Soon after the hammer came down on the final lot of Christie’s postwar and contemporary art evening sale, a breaking news banner flashed on Bloomberg's homepage: “Bear Market Descends on Global Stocks.” Given the grim economic circumstances, the sale, which included 62 lots totaling $84.1 million was a success, and indeed the last two weeks of Impressionist, modern, postwar, and contemporary art auctions in London could reasonably be considered...decent. The sell-through rates (how many lots in the auction sold) were more than adequate, the final tallies fell reasonably within estimate, and, with a few notable exceptions, the big lots sold.

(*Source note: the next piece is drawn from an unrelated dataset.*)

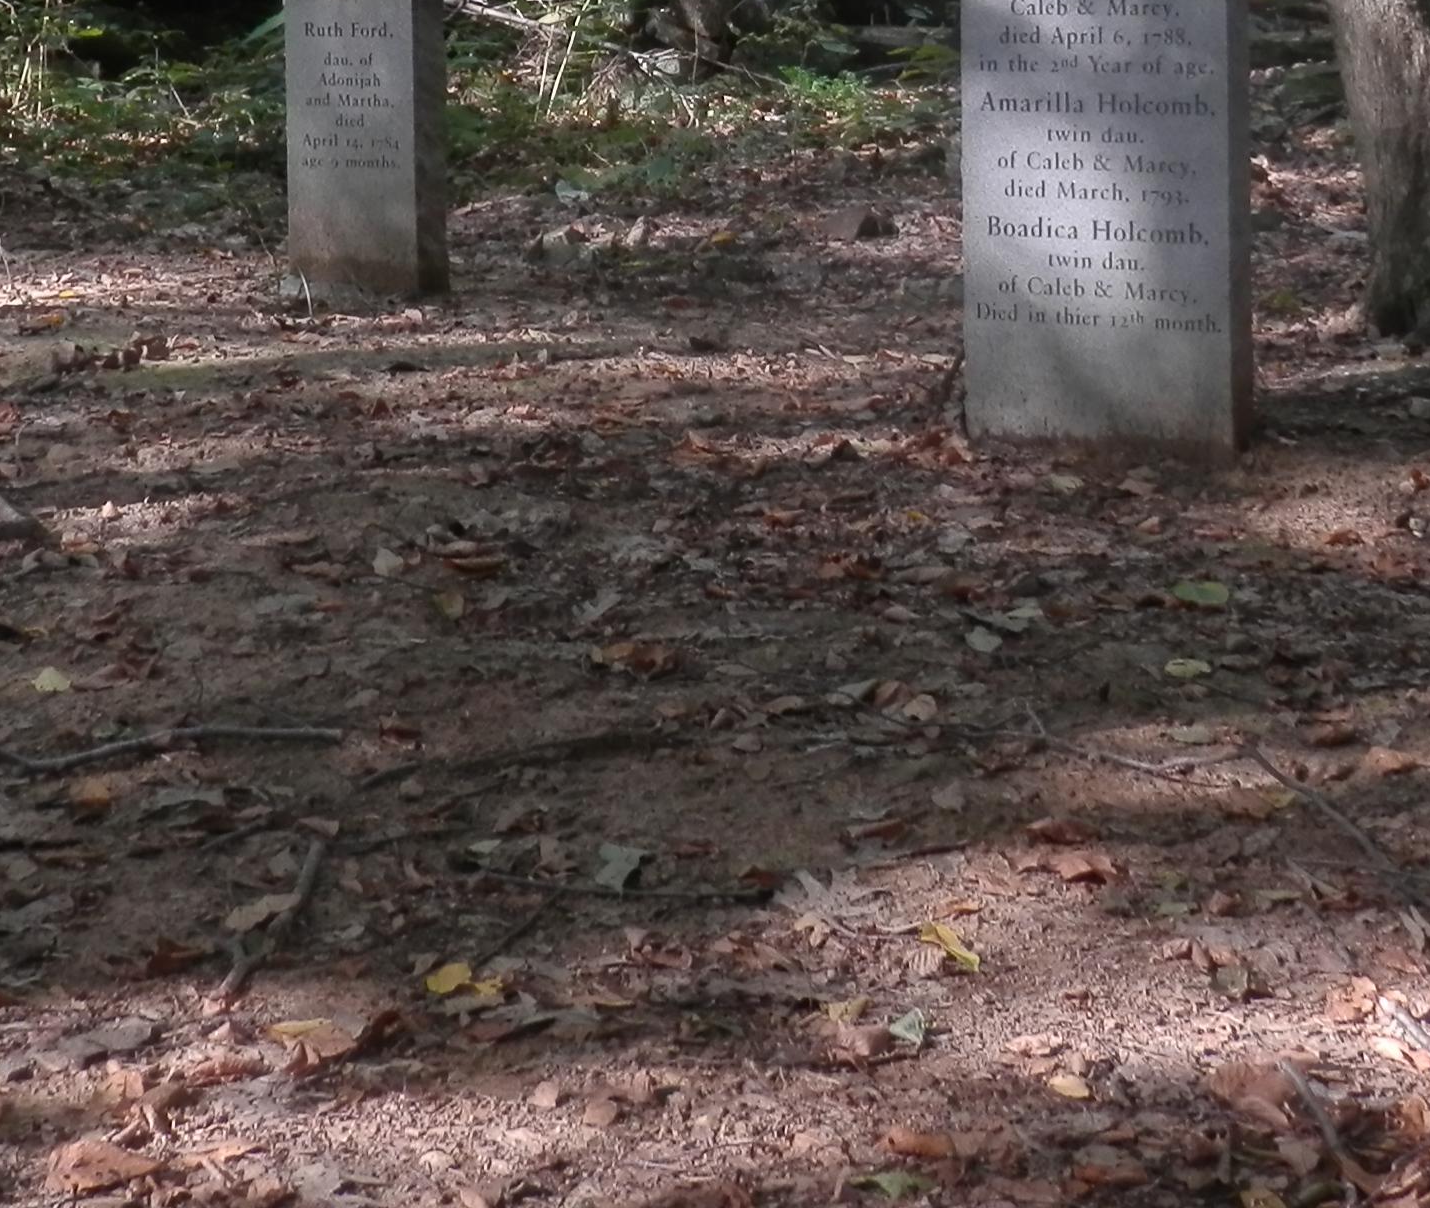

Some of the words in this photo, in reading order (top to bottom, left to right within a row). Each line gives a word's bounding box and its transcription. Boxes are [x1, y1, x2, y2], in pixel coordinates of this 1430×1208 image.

It’s only when you compare this year’s top 10 lots with last year’s that the difference becomes starkly apparent: The art market of 2016 is shaping up to be very different than the art market of 2015. Last year, the collective top 10 lots of the Impressionist, modern, postwar, and contemporary London sales totaled $249.24 million. This year, the total was $160.2 million— almost a $90 million dollar decline. Last year’s top lot was a giant abstract painting by Gerhard Richter, which sold for $46 million; this year’s top lot, as you’ll see below, was a painting by Pablo Picasso, which sold for $27 million, almost $13 million less than when it sold at Sotheby's New York in 2013. Last year, seven of the 10 top lots sold for more than $20 million; this year, there were just two.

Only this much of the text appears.